One of the five children in the case study, eight-year-old Hossam, was taken out of the mainstream school and put back into a specialized school. Abdel Hak says the boy’s father later regretted his decision after Hossam showed severe signs of regression. The psychologist recalls visiting the child following his transfer and seeing the regression firsthand. He showed no signs of stimulation and was rocking back and forth, after he had been fully functioning in a regular school.

Abdel Hak believes that the nation’s special education schools, both public and private, do not fully prepare children. She asserts that these students only learn skills that help them operate within a certain closed environment, but not out in the real world.

“If I’m a child with a disability and I’m always around others who also have disabilities, then I’m not challenged and I don’t have a role model,” says Abdel Hak. In regular schools, she says, a child with special needs interacts with other children and picks up some skills through observation and practice.

Baby Academy’s Abdel Wahab agrees, based on her own experience with an inclusive environment, “Children accept and tolerate, which are all qualities that are killed by society as we grow older.”

Despite widespread criticism that public schools are overcrowded with poorly paid teachers, MOE’s Khozam believes that quality of public education is just fine, and that public schools will actually get even better with the new curriculum developed to accommodate special needs students.

He believes that public schools are more accepting of children with special needs, claiming private schools fear their reputation for high standards will be tarnished if they accept special needs students. Pointing to the ministry studies, Khozam says that he has seen public schools fully adapt to students with special needs by providing support for the child, who in turn fully adapted to the school.

Advocates and skeptics all agree that the public perception of children with special needs in this country is in urgent need of change.

“The stereotypes about people with disabilities not having any potential to function in society is not true, because I see my brother everyday and he does things on his own and is very independent,” says Stelzer. “It just shows that people with disabilities should not be marginalized, they can function normally in society.”

“One thing that Egyptians believe about children with special needs is that they can’t,” says Dream Ideal’s Khattab, whose school motto trumpets, ‘Yes I can, give me a chance!’

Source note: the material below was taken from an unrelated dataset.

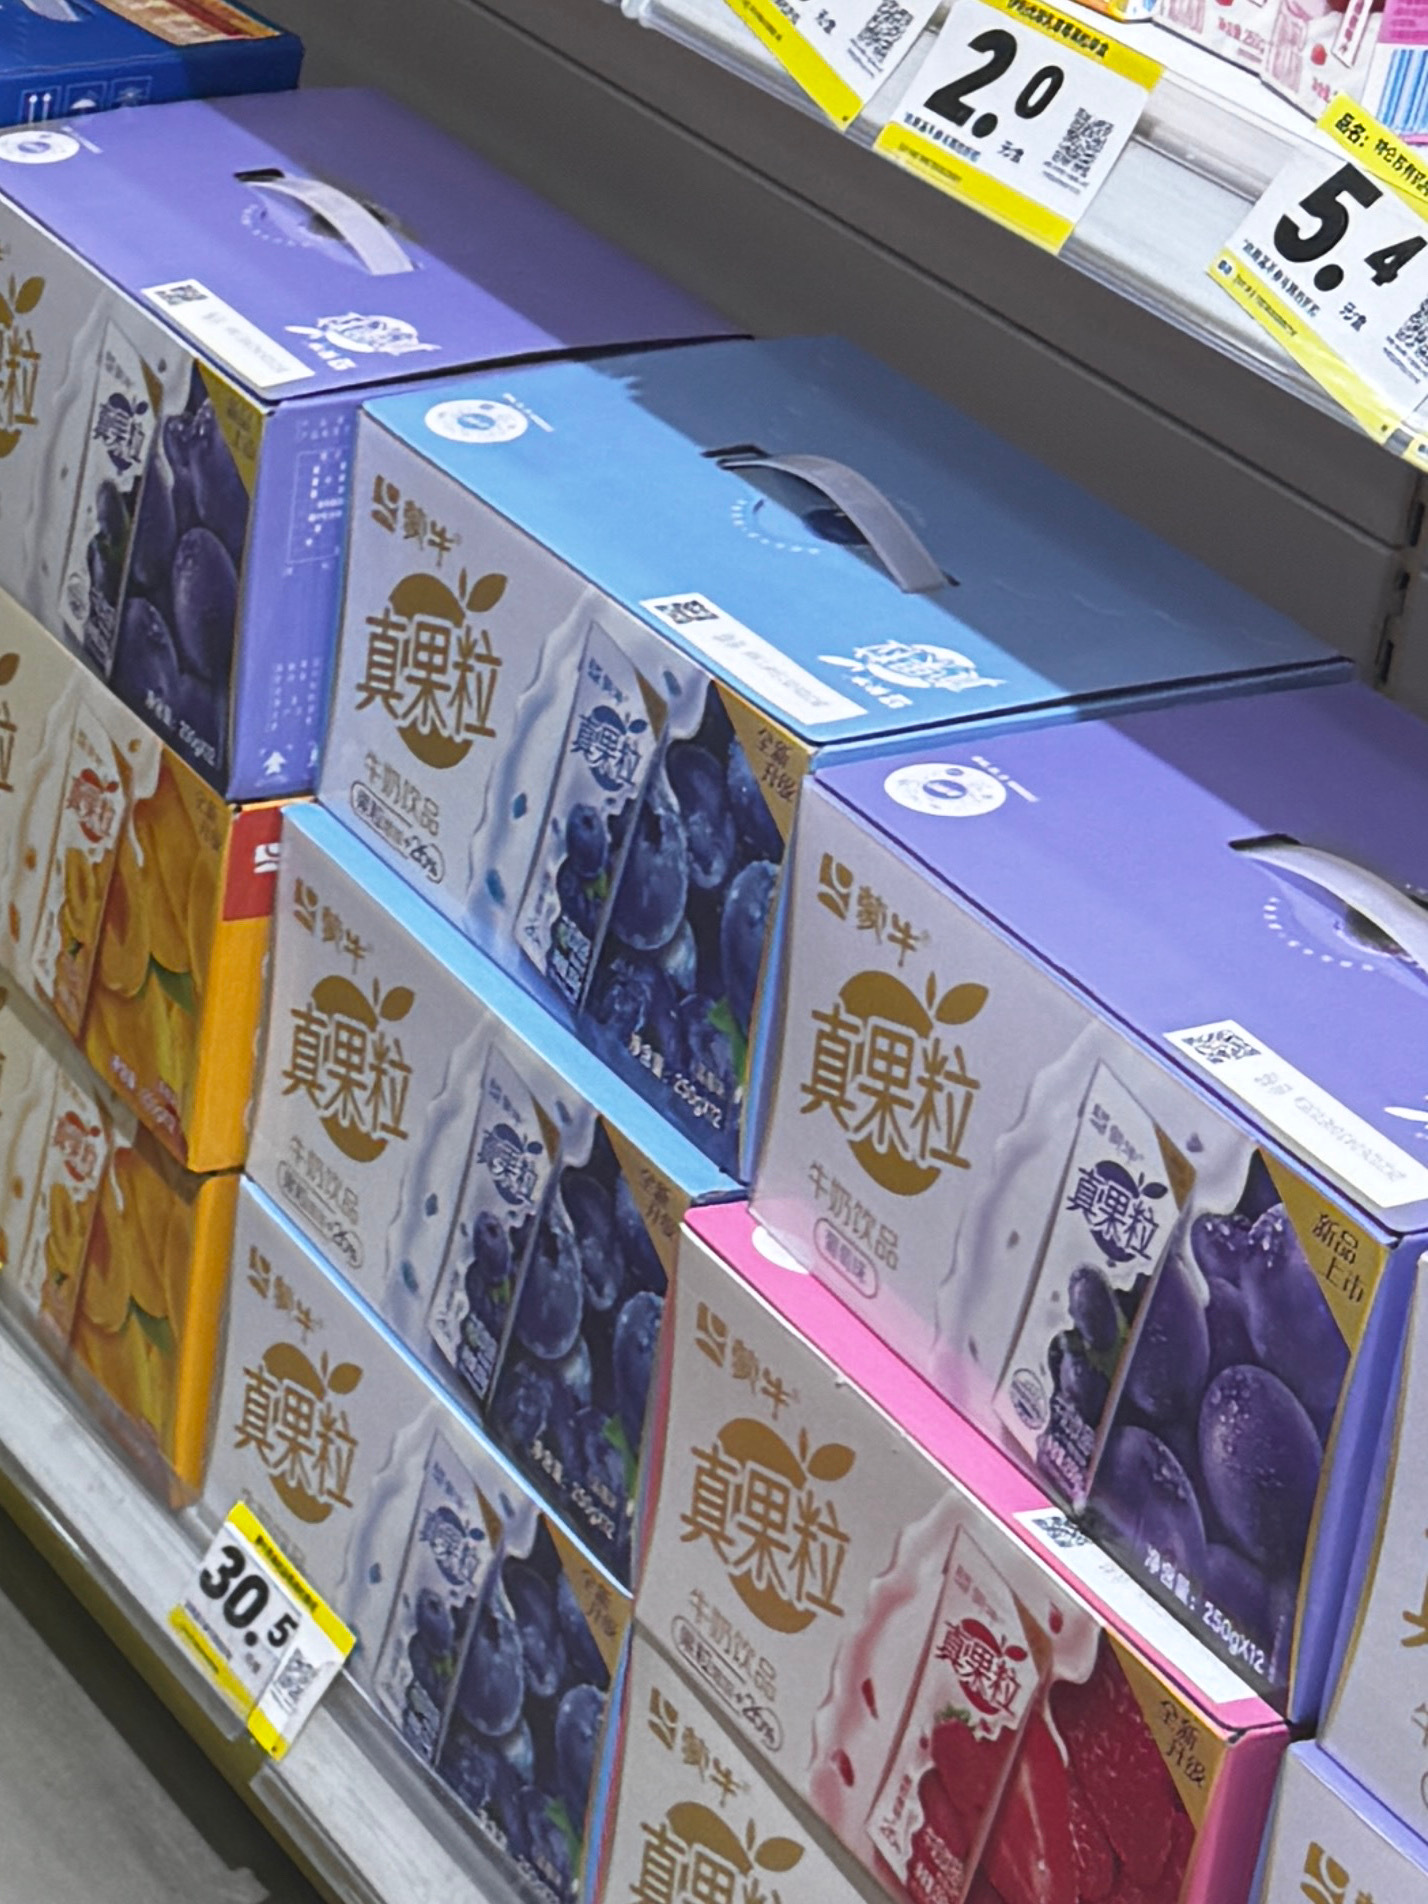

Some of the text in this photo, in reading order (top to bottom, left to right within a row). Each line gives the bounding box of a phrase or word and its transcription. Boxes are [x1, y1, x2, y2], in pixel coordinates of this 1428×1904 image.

“How do I know if they’re able to make it or not, just give them a chance,” she says. “Every student with special needs, no matter how severe their case is, can still accomplish something.”

The Ministry of Education is ready to give students with special needs that chance to accomplish something. Now it’s up to the mainstream schools to rise to the challenge and help these special children reach their full potential. et
Learning Disabilities

A learning disability causes the brain to receive, process or communicate information differently. Some of the most common disabilities affecting children are:
Down Syndrome

Down syndrome is caused by the presence of an extra twenty-first chromosome, resulting in a delay in the child’s development, both physically and mentally. Children with Down syndrome are capable of learning, but they do so at a different pace than other children.
Autism

Autism hinders the development of the brain and is commonly characterized by lack of social interaction and by repetitive behavior. Children with autism may experience problems making friends, reading body language, communicating and making eye contact.
Attention-Deficit/Hyperactivity Disorder (AD/HD)

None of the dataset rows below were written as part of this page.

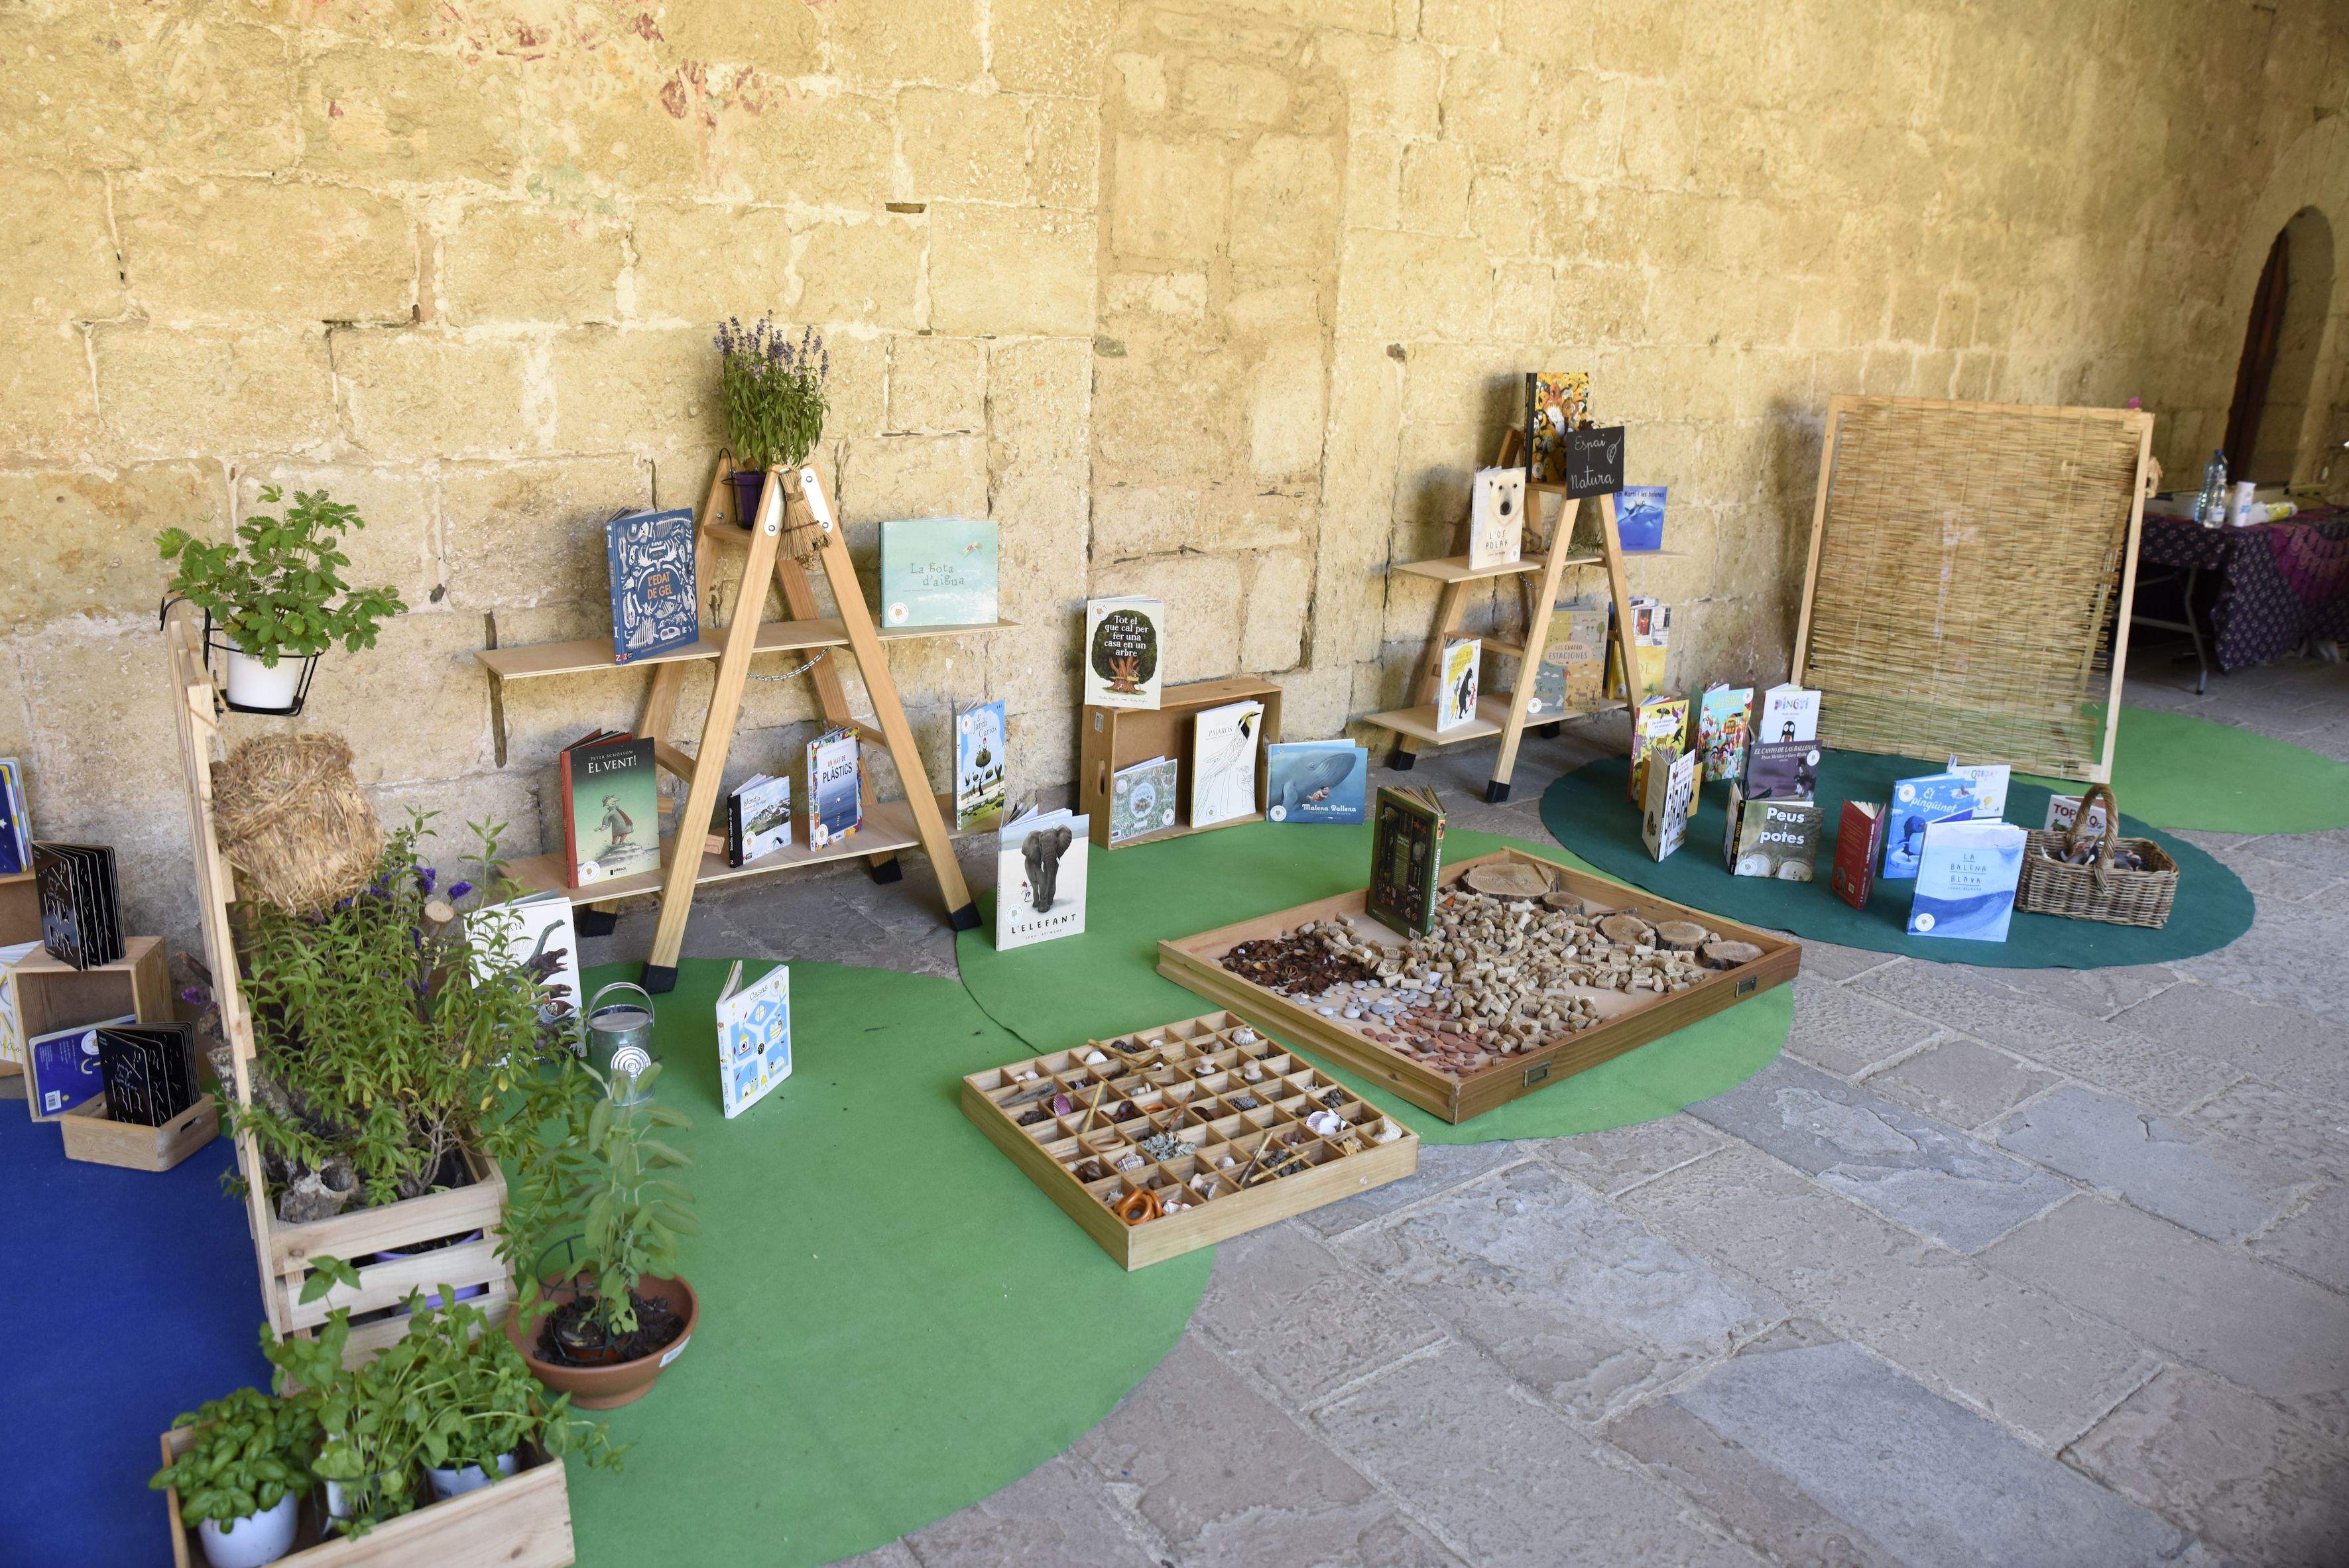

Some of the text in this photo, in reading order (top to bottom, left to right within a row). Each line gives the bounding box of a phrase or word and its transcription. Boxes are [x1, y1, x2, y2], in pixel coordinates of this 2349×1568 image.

[1575, 434, 1606, 461] Espai
[1571, 465, 1614, 490] Natura
[1485, 539, 1508, 550] POLAR
[910, 562, 954, 573] La gota
[648, 572, 670, 587] L'EDAT
[923, 574, 965, 587] d'aigua
[648, 584, 672, 599] DE GEL
[1114, 615, 1128, 624] Tot
[588, 754, 636, 774] EL VENT!
[823, 762, 853, 784] PLÀSTICS
[743, 795, 760, 807] Islandia
[1924, 787, 1935, 800] El
[1909, 798, 1958, 813] pingüinet
[1766, 807, 1805, 823] Peus
[1760, 831, 1805, 845] potes
[1951, 863, 1986, 872] BALENA
[1951, 874, 1981, 884] BLAVA
[1012, 914, 1076, 934] L'ELEFANT
[750, 984, 768, 1000] Casas

Although AD/HD does not affect the development of the brain, it is still considered a learning disability as it may interfere with the child’s learning process. Children with AD/HD have trouble sitting still, following instructions, staying focused or organized and completing homework.

Other types of learning disabilities include: dyslexia, difficulty processing language and other types of information; dyscalculia, difficulty processing and manipulating numbers; dysgraphia, difficulty in writing; dyspraxia, difficulty with fine motor skills; auditory processing disorder and visual processing disorder, which affect the ability to differentiate between sounds and interpret visual information.